心筋梗塞の自覚症状は「胸痛」ばかりではなく、男女差もある

 俳優の大杉漣さんの突然死で注目された急性心不全。

 報道によると、ドラマの収録後に共演者と食事に行き、ホテルの部屋に戻った時点で「腹痛」を訴えたという。その後、搬送先の救急病院で亡くなられた。

 直接的な原因は心不全──つまり心臓が働かなくなったことだが、なぜ急に心臓が働かなくなったのかは明らかではない。

 急性心不全の原因としては一般的に心筋梗塞が考えられる。典型的な自覚症状は「胸痛」だが、大杉さんのようにまず「腹痛」を訴える例は少なくない。あまり知られていないが心筋梗塞の自覚症状には男女差もある。
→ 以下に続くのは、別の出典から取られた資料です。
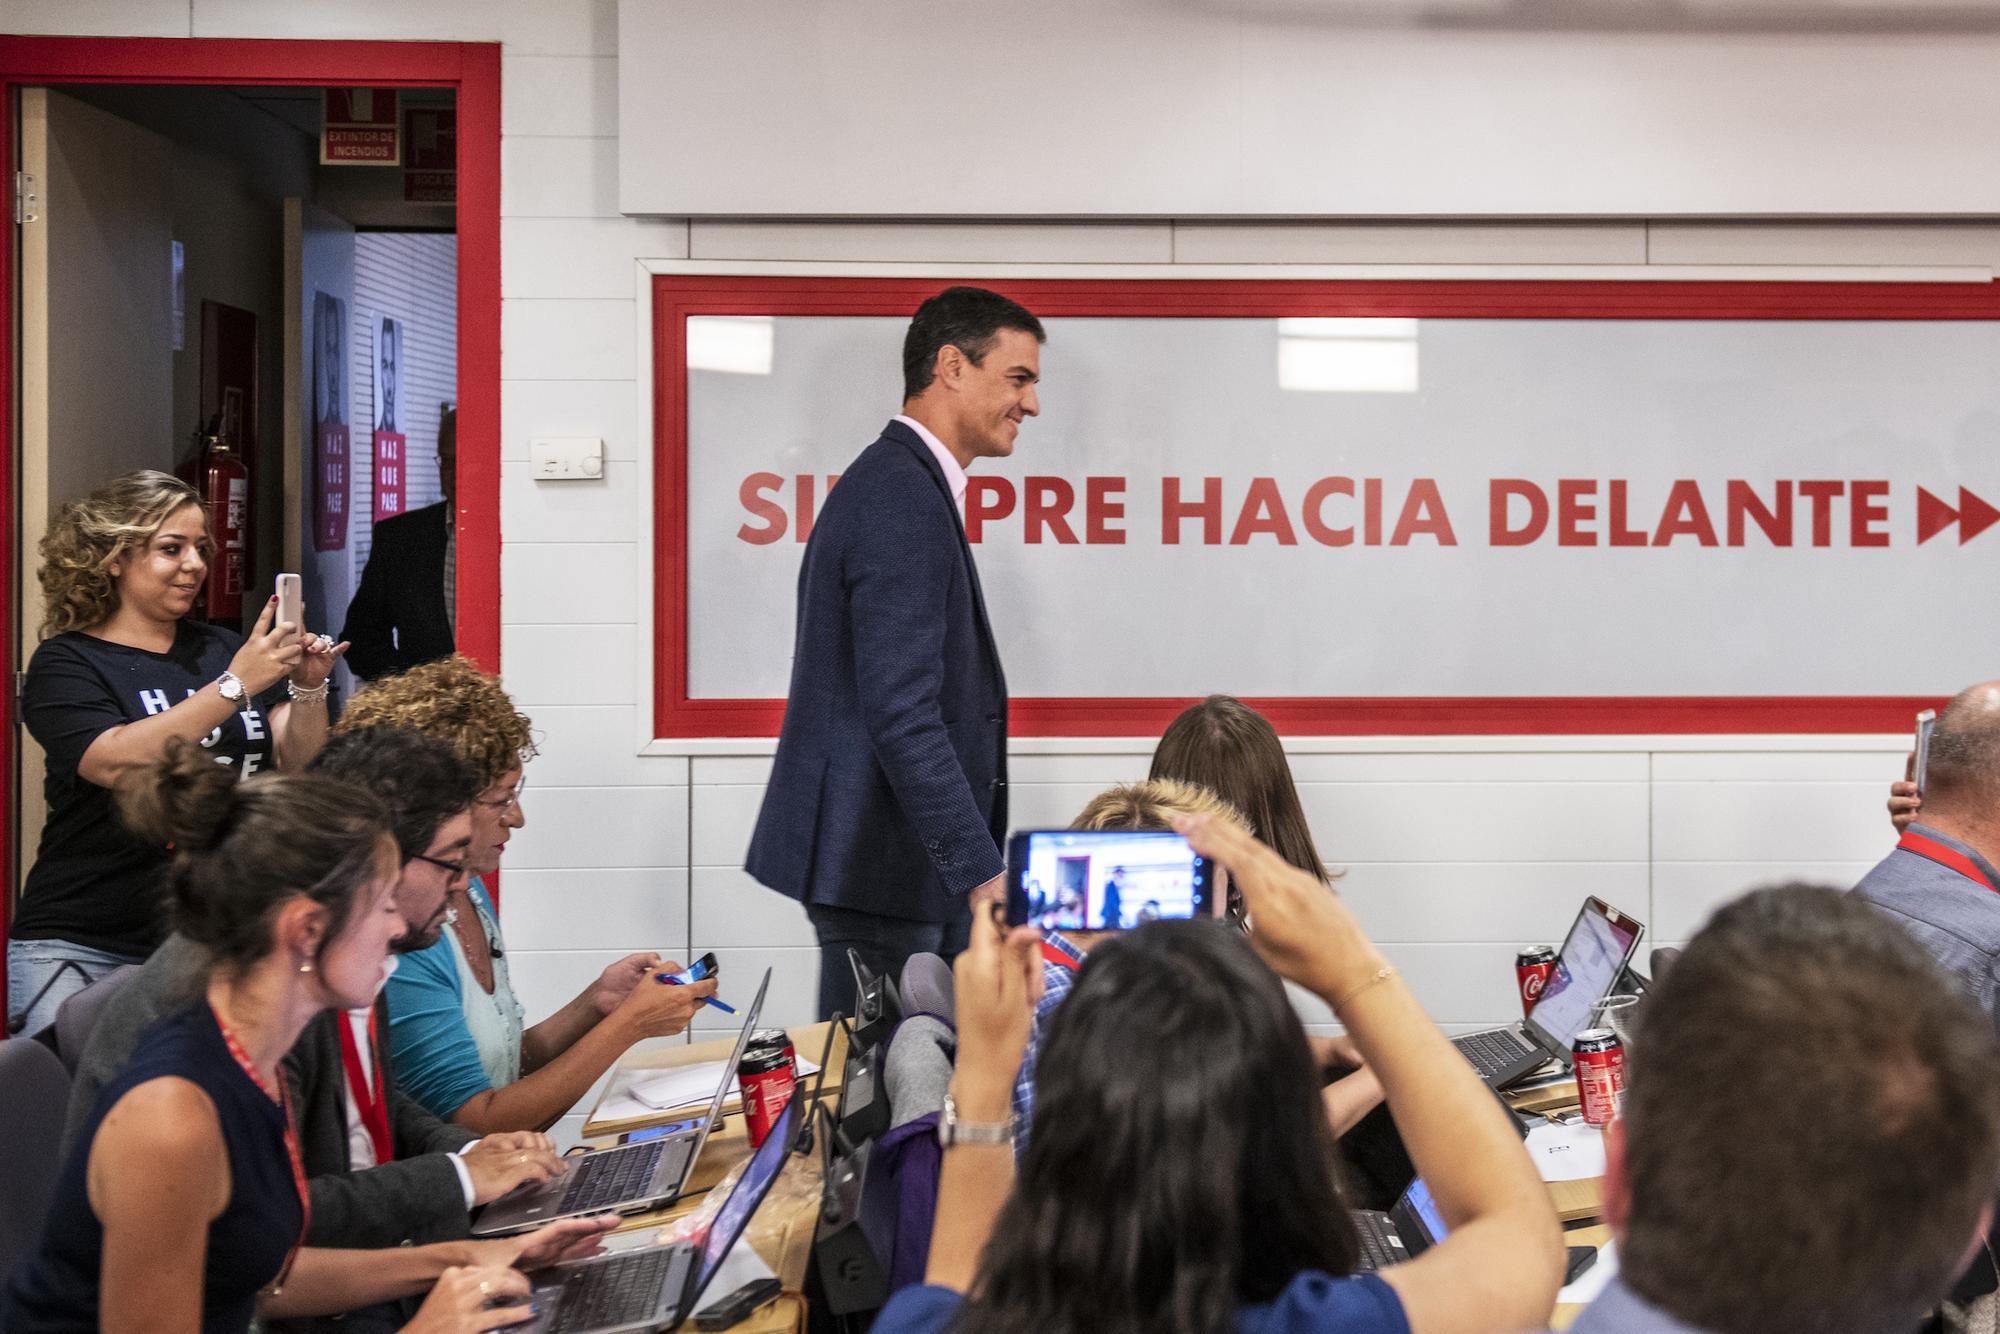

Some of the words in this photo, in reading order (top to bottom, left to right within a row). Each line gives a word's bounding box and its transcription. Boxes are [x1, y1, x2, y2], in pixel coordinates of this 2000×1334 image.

[328, 131, 378, 142] EXTINTOR
[380, 131, 393, 142] DE
[333, 146, 389, 157] INCENDIOS
[381, 439, 398, 460] HAZ
[381, 492, 398, 512] PASE
[736, 471, 1127, 546] SIPRE
[1161, 475, 1459, 548] HACIA
[1488, 478, 1890, 548] DELANTE
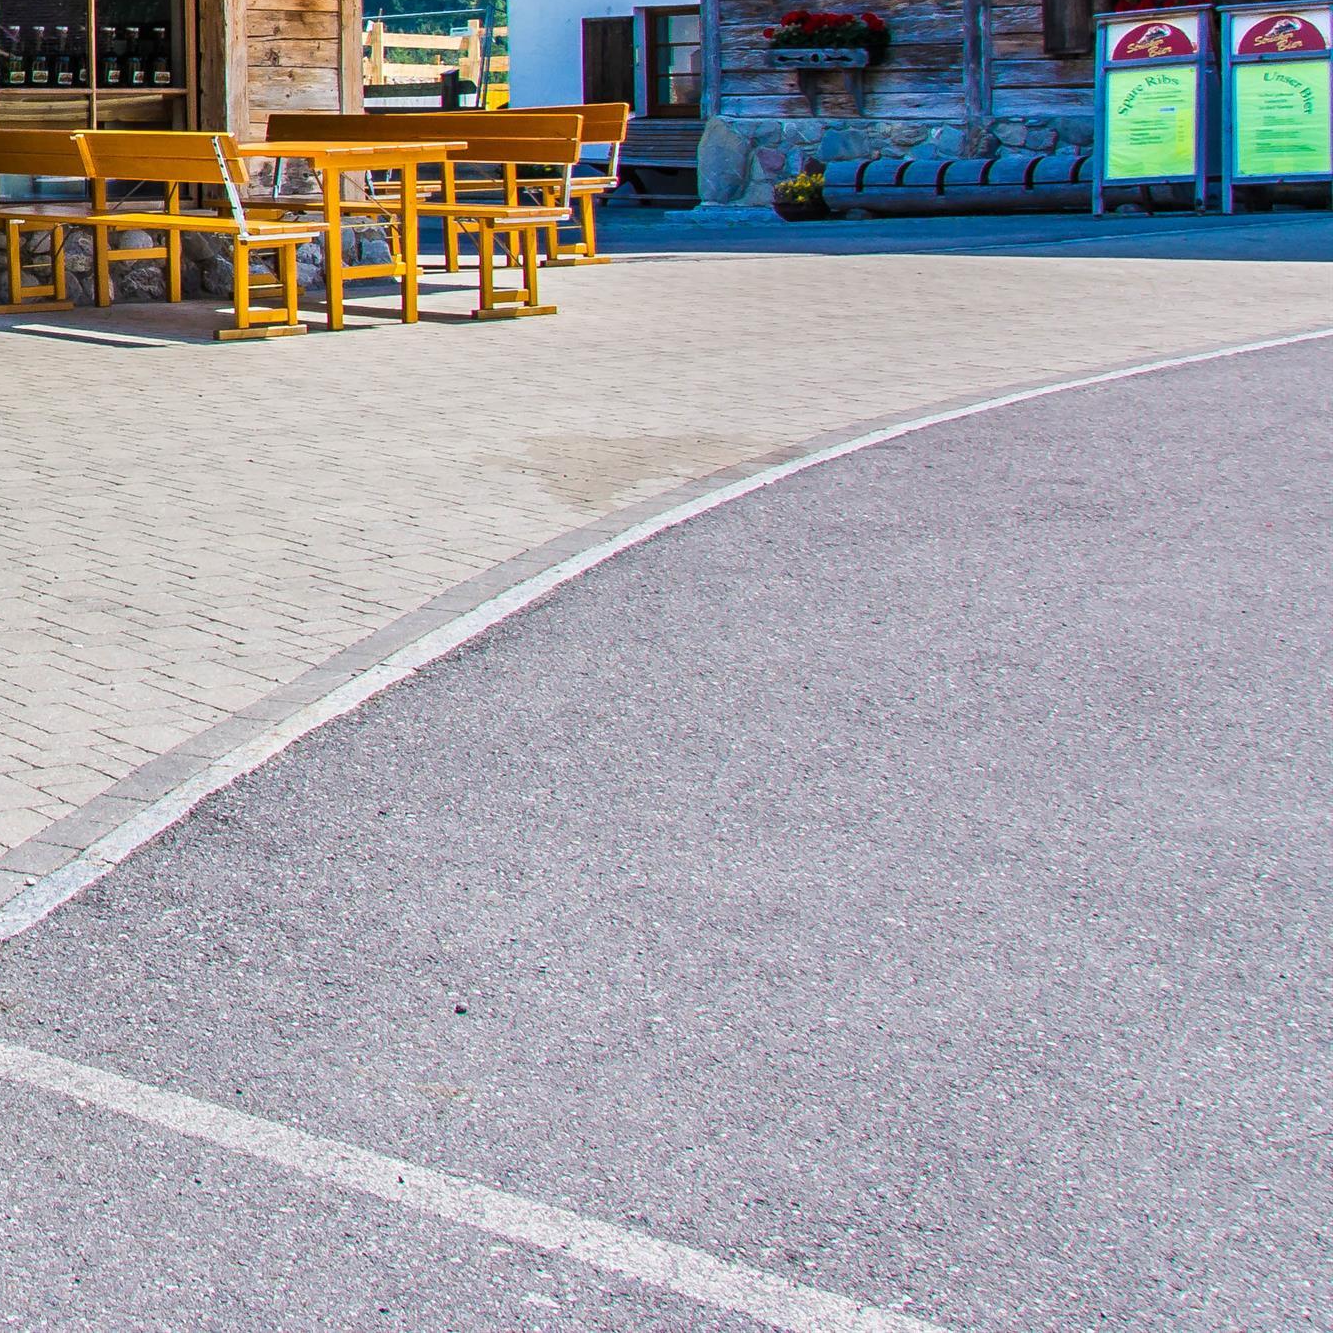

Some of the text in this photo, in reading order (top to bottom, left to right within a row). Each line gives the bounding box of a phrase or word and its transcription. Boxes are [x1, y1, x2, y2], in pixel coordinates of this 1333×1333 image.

 先月、アメリカ心臓学会の機関誌に掲載された調査でも、女性の患者は典型的な症状のほか、のどの違和感や不快感、肩甲骨の間など背中の痛み、動悸の訴えが多いという結果が報告されている。

 同調査は、2008~12年に急性心筋梗塞で米国内の病院に入院した18~55歳の男女(男性976人、女性2009人、平均年齢は47歳)を対象に行われた。対象者は入院24時間以内に、自覚症状に関するアンケート調査に回答している。

 その結果、男女とも9割近くは胸痛や胸の圧迫感、首を絞められるような苦しさなど典型的な症状を自覚していた。

 その一方、女性はのどや首、背中(肩甲骨回り)の違和感や痛み、動悸や息切れ、消化不良に似た症状をより感じていたことが示された。ところが、入院前に「不快な症状」を訴え病院を受診した女性の半数が、「心臓とは関係ない」と診断されていたのである。自覚症状の幅広さを医者も認識していない、ということなのだろうか。

 ちなみに日本の循環器病に関する診療ガイドラインでは、心筋梗塞に関し「女性はむしろ顎やのどの痛み、腹痛、吐き気や嘔吐、食欲不振、背部痛、肩の痛み等の非典型的な症状を訴えることが多い」と明記されている。

 心筋梗塞はいつ襲ってくるかわからない。高血圧、高血糖、脂質異常+ストレスフルな生活を送っている方は、男女を問わず非典型的な症状にも気を配る必要がある。